Autonomous vehicles are capable of sensing the environment and moving around with little to no human intervention, enhancing efficiency and safety. Self-driving cars, for instance, will affect our modes of transportation and way of life in the years to come. With rapid advances in hardware and software design, learning-based autonomous driving is becoming a viable and popular solution.

This thesis focuses on data from the front-end and policy from the back-end in learning-based autonomous driving. As commonly known, data is central to all learning-based methods. However, engineers cannot collect all the data from all possible scenarios to train a model due to the great variety of real-world driving scenarios, e.g., different conditions in weather, lighting, roads, traffic, etc. Consequently, the issue of how to train a model with robustness, generalizability, and transferability becomes crucial. In addition, while input data is the key component of autonomous driving in the front-end, policy, which controls the vehicle to navigate safely, is also an essential component in the back-end. Existing methods have made progress on policy learning, but there is room for improvement, e.g., reinforcement learning is not able to utilize expert demos, inverse reinforcement learning can not directly utilize driving domain knowledge, etc. I propose to address these important open research issues by adopting machine learning and deep learning techniques, including adversarial data augmentation and training, auxiliary modality learning, transfer learning, reinforcement learning, and inverse reinforcement learning.

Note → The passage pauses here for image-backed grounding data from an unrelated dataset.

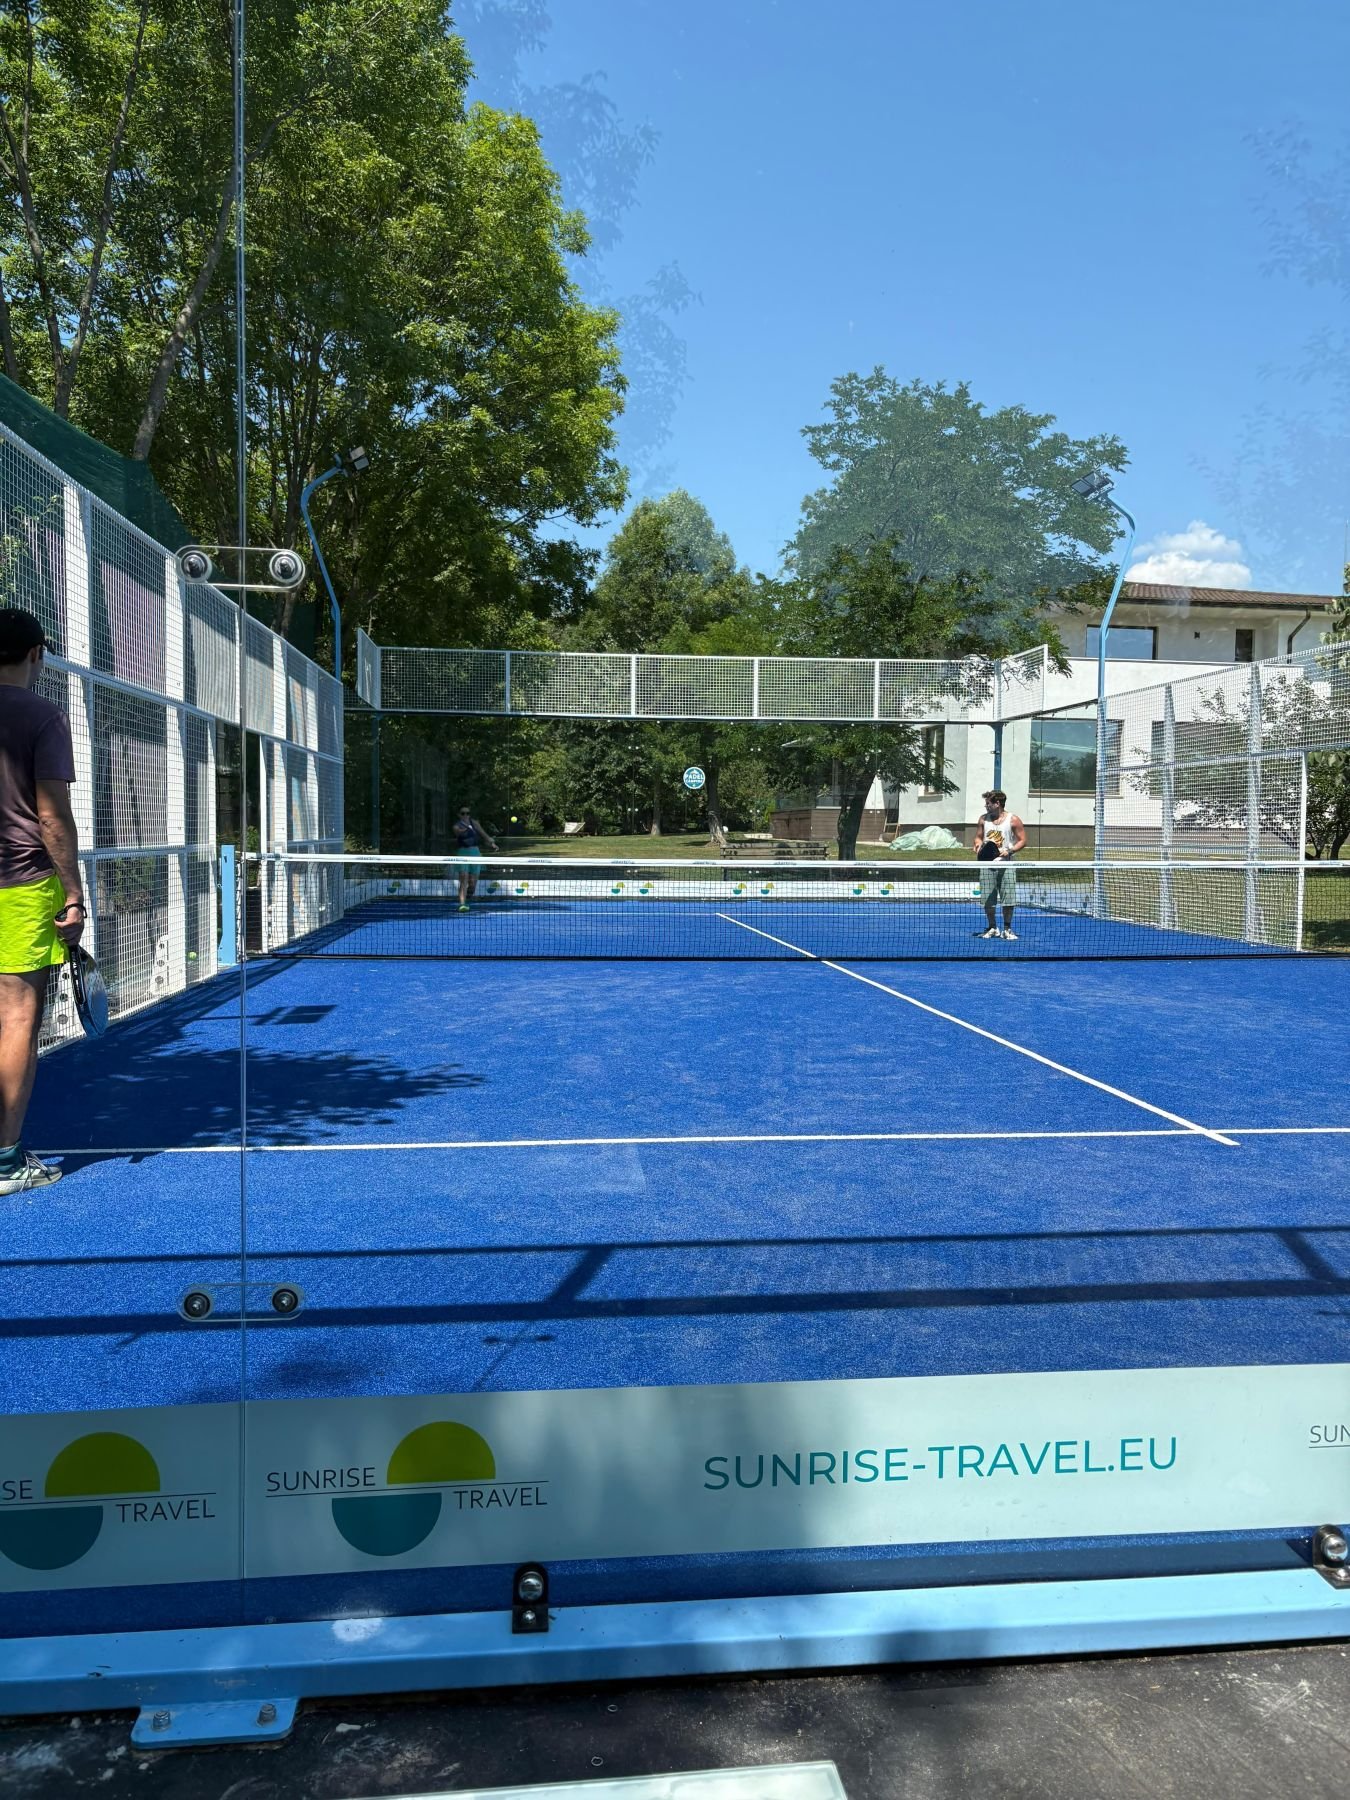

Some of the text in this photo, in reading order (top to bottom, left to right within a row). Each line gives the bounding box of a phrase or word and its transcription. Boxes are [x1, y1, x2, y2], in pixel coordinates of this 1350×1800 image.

[703, 1435, 1178, 1491] SUNRISE-TRAVEL.EU
[267, 1466, 377, 1492] SUNRISE
[115, 1498, 216, 1524] TRAVEL
[454, 1486, 548, 1511] TRAVEL
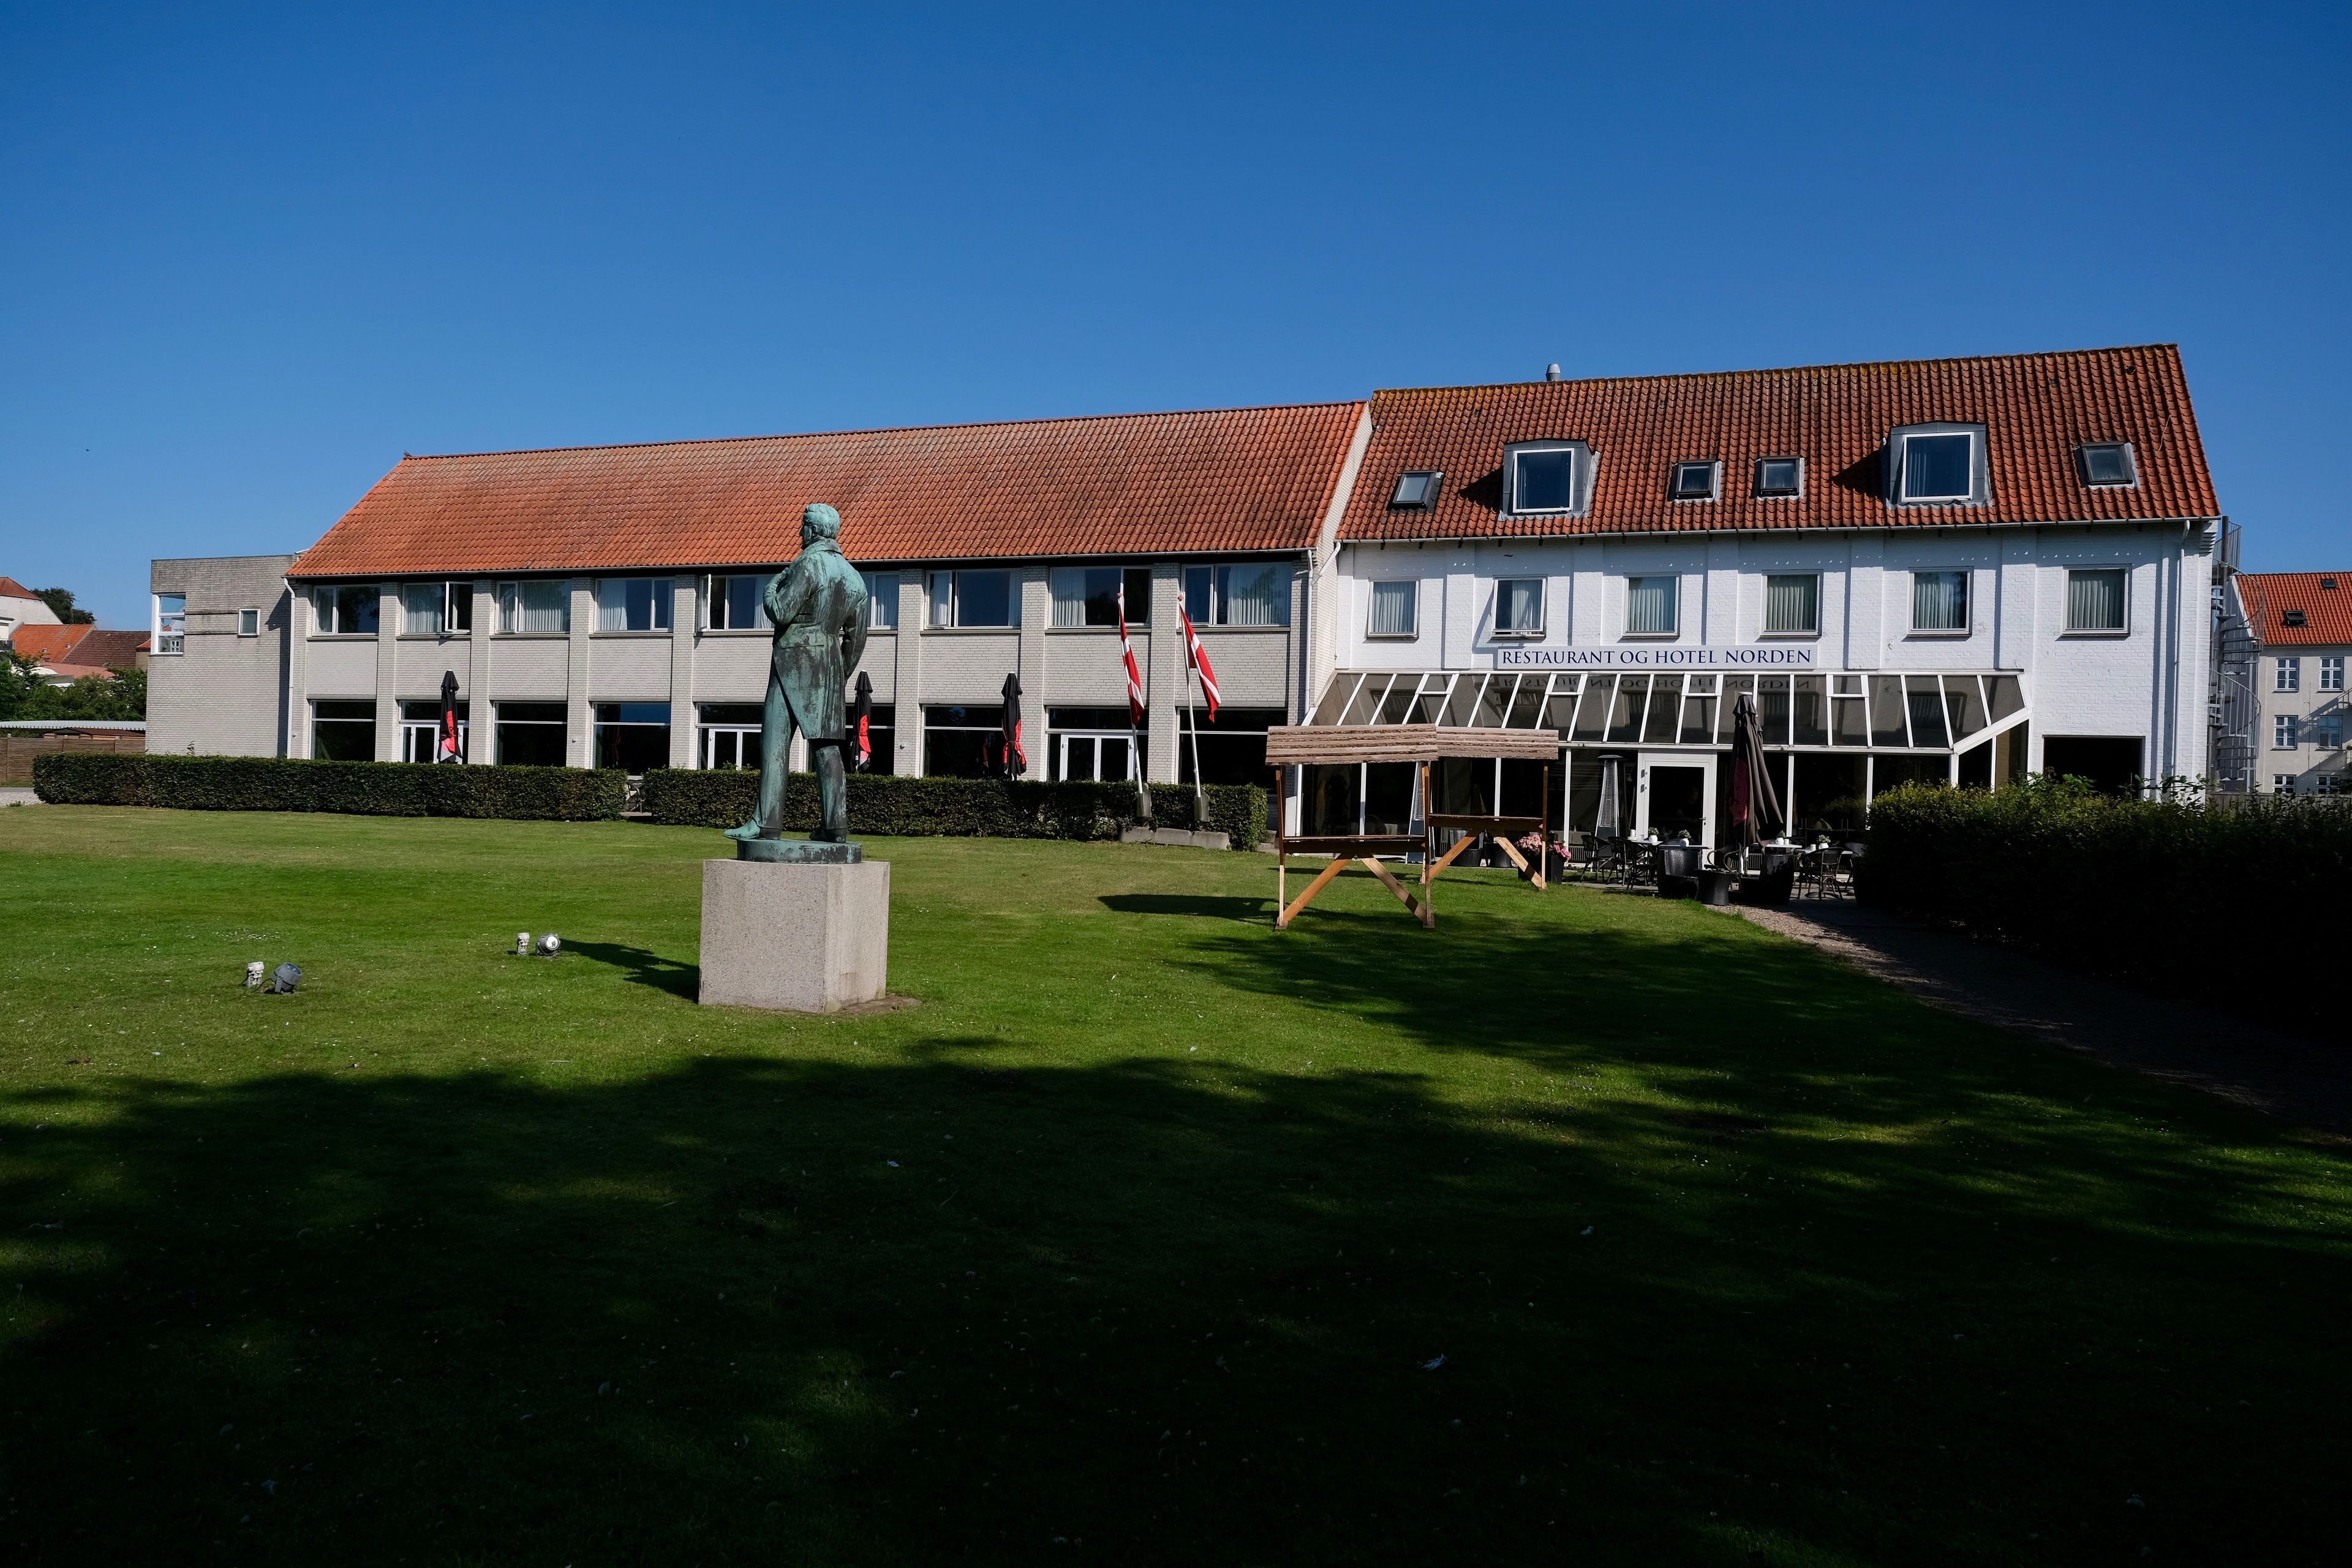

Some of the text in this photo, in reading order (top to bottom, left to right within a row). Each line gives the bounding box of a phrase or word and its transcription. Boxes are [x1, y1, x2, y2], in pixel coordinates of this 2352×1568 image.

[1502, 649, 1811, 664] RESTAURANT OG HOTEL NORDEN

To make autonomous driving more robust against varying weather changes, lighting conditions, or other image corruptions, I propose a gradient-free adversarial training method based on data augmentation and sensitivity analysis. To utilize multi-modal information for good performance with low computational costs, I design an auxiliary modality learning framework that can distill knowledge from multi-modality data to single modality data, with a specific condition that allows the teacher network to stay aware of the student's status for better distillation. I further propose a small-shot cross-modal distillation to solve the problem in a small-shot setting. To overcome the difficulty of collecting data in the real world, I present a transfer learning architecture that is able to transfer knowledge from the simulation domain to the real-world scenarios. To utilize both expert demonstration and real-world driving knowledge, I propose enhanced inverse reinforcement learning with hybrid-weight trust-region optimization and curriculum learning.

In summary, my proposed learning-based frameworks enhance robustness, efficiency, and generalization via adversarial data augmentation and training, auxiliary modality learning, and transfer learning w.r.t. data processing in the front-end; and further improve policy learning via inverse reinforcement learning in the back-end.